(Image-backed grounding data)
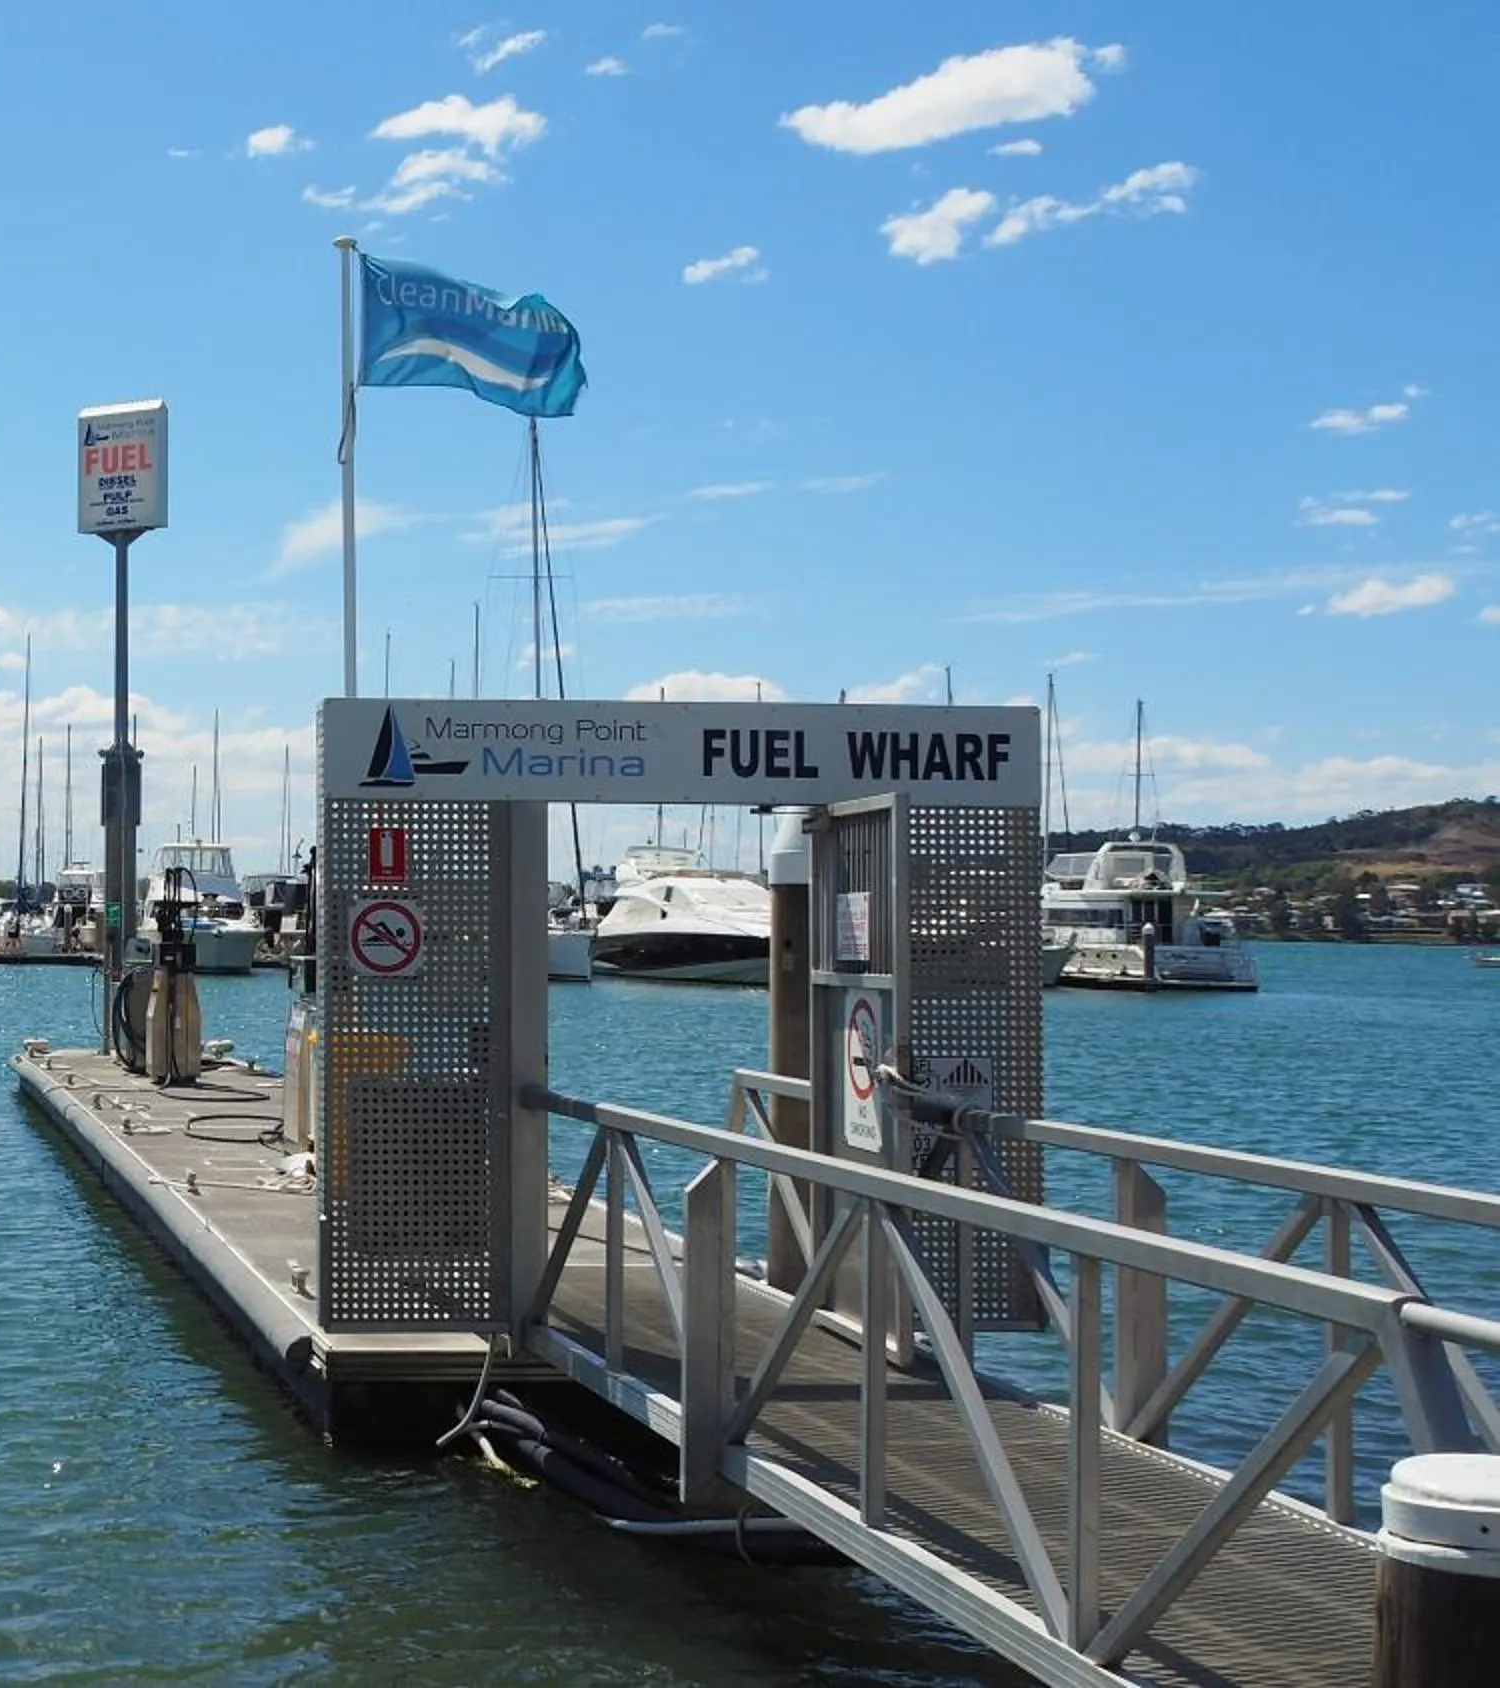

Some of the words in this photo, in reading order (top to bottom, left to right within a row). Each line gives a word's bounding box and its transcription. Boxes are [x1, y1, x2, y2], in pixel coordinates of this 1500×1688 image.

[84, 443, 153, 476] FUEL
[98, 474, 137, 490] DIESEL
[105, 505, 129, 516] GAS
[424, 716, 564, 745] Marmong
[576, 719, 648, 742] Point
[482, 746, 646, 778] Marina
[702, 729, 819, 779] FUEL
[847, 731, 1011, 781] WHARF
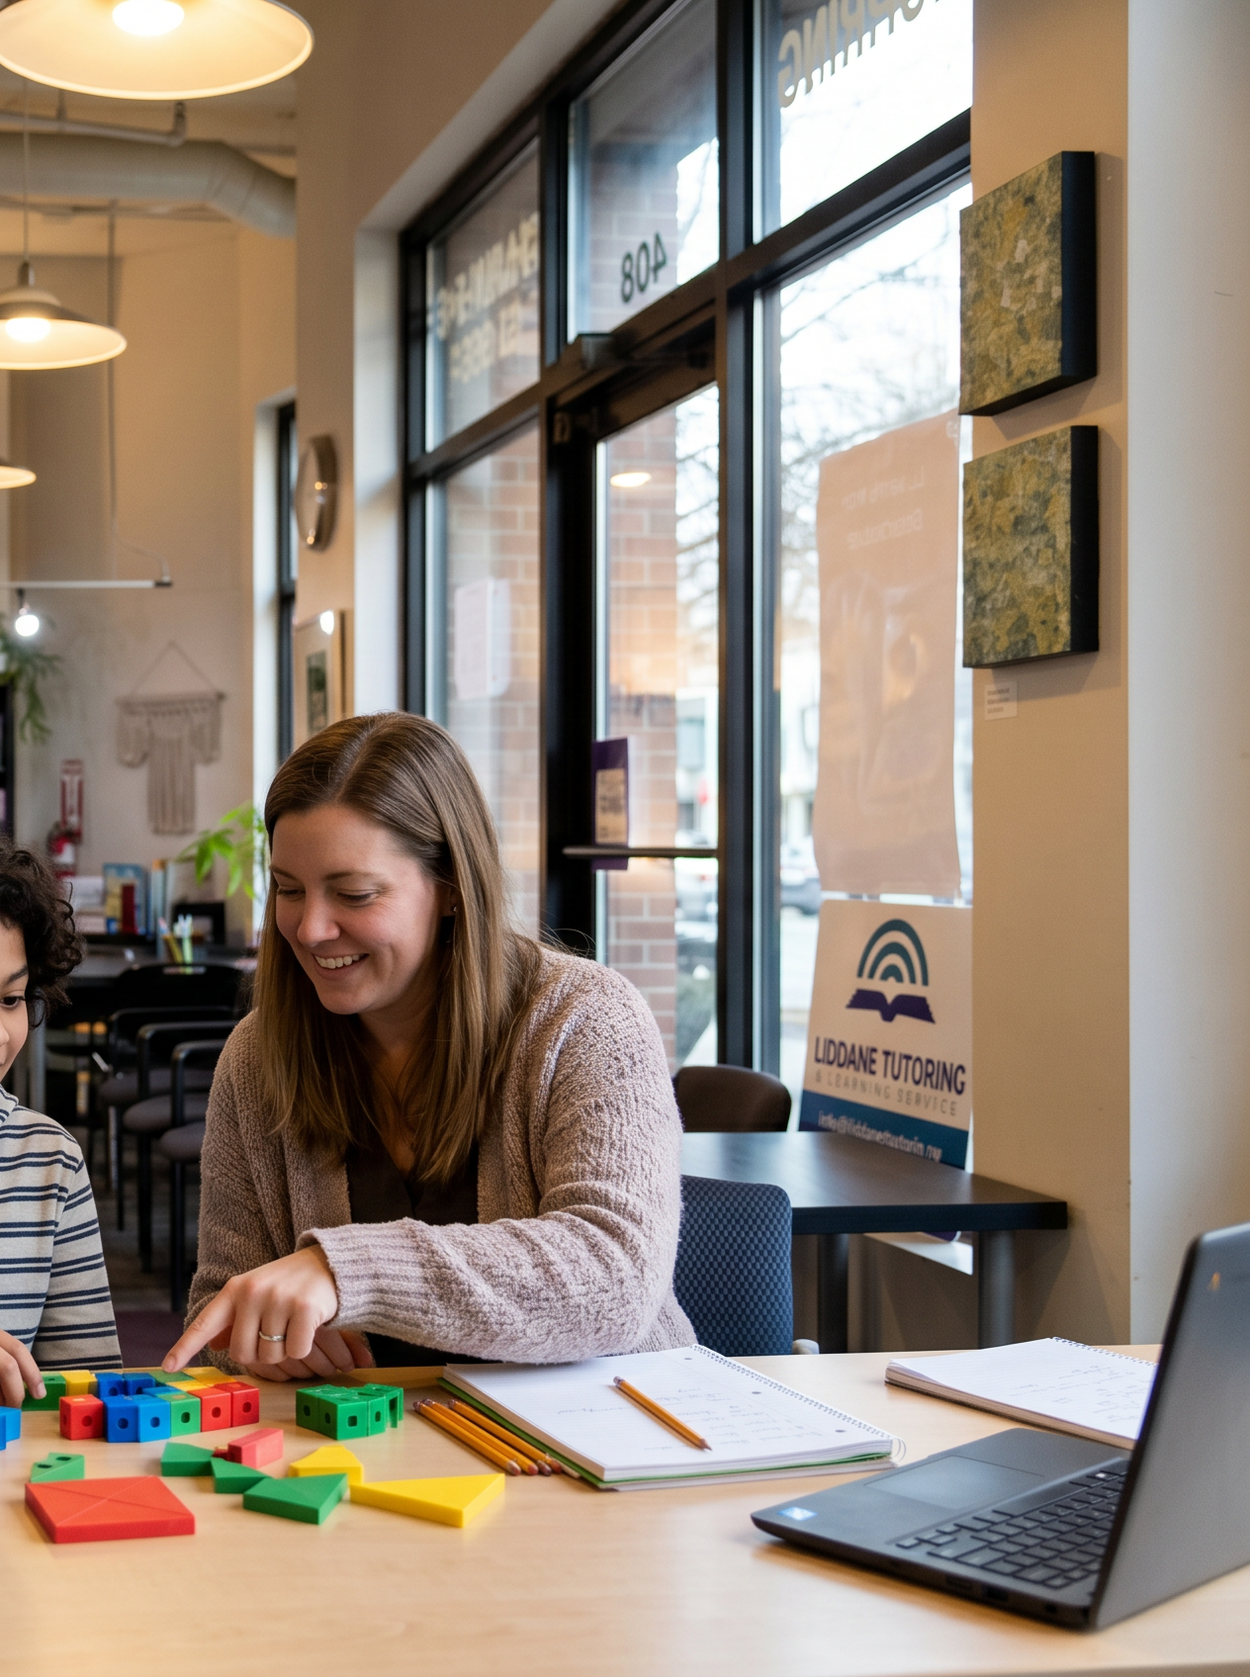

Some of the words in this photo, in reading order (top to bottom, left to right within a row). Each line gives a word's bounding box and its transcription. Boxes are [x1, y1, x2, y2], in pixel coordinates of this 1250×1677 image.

[814, 1036, 878, 1075] LIDDANE
[882, 1049, 966, 1095] TUTORING
[827, 1071, 891, 1100] LEARNING
[897, 1088, 958, 1116] SERVICE
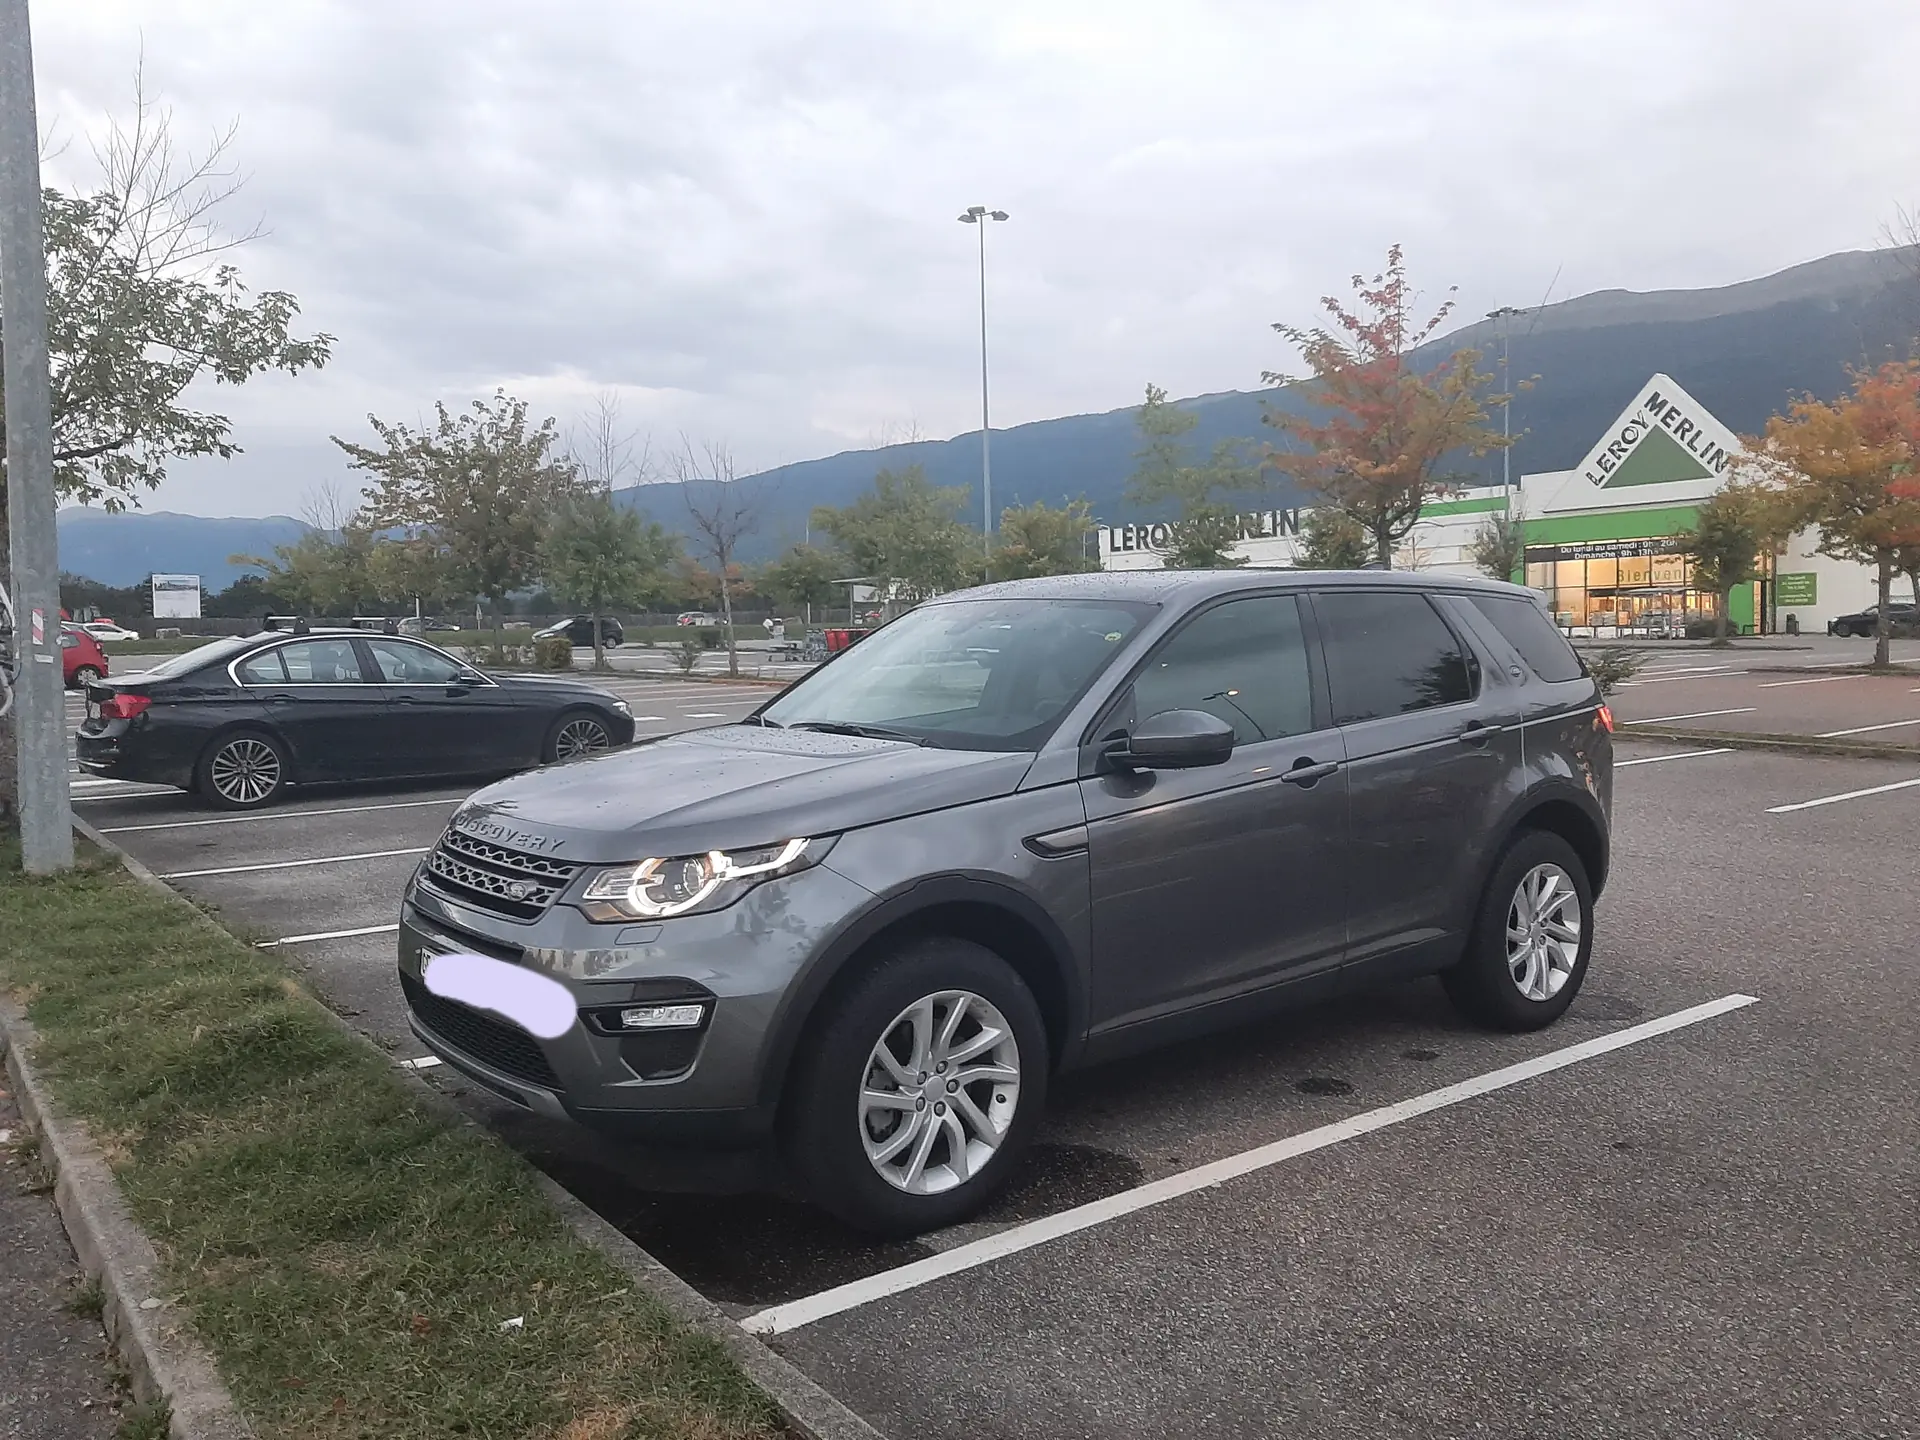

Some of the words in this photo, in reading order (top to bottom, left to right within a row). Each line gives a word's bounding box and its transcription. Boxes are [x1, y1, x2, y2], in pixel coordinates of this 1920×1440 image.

**HOW TO COMPLETE THIS TASK:**
Exact copy, no pictures: write out all the records above.

**THE ANSWER:**
Some of the words in this photo, in reading order (top to bottom, left to right within a row). Each line gives a word's bounding box and its transcription. Boxes are [x1, y1, x2, y2], in pixel coordinates of this 1500×1688 image.

[84, 443, 153, 476] FUEL
[98, 474, 137, 490] DIESEL
[105, 505, 129, 516] GAS
[424, 716, 564, 745] Marmong
[576, 719, 648, 742] Point
[482, 746, 646, 778] Marina
[702, 729, 819, 779] FUEL
[847, 731, 1011, 781] WHARF

Some of the words in this photo, in reading order (top to bottom, left to right within a row). Each line gives a word's bounding box and its transcription. Boxes are [x1, y1, x2, y2], in pixel coordinates of this 1250×1677 image.

[814, 1036, 878, 1075] LIDDANE
[882, 1049, 966, 1095] TUTORING
[827, 1071, 891, 1100] LEARNING
[897, 1088, 958, 1116] SERVICE

Some of the words in this photo, in reading order (top to bottom, left to right within a row). Each line gives a word's bounding box and its transcription. Boxes are [x1, y1, x2, y2], in pixel coordinates of this 1920×1440 image.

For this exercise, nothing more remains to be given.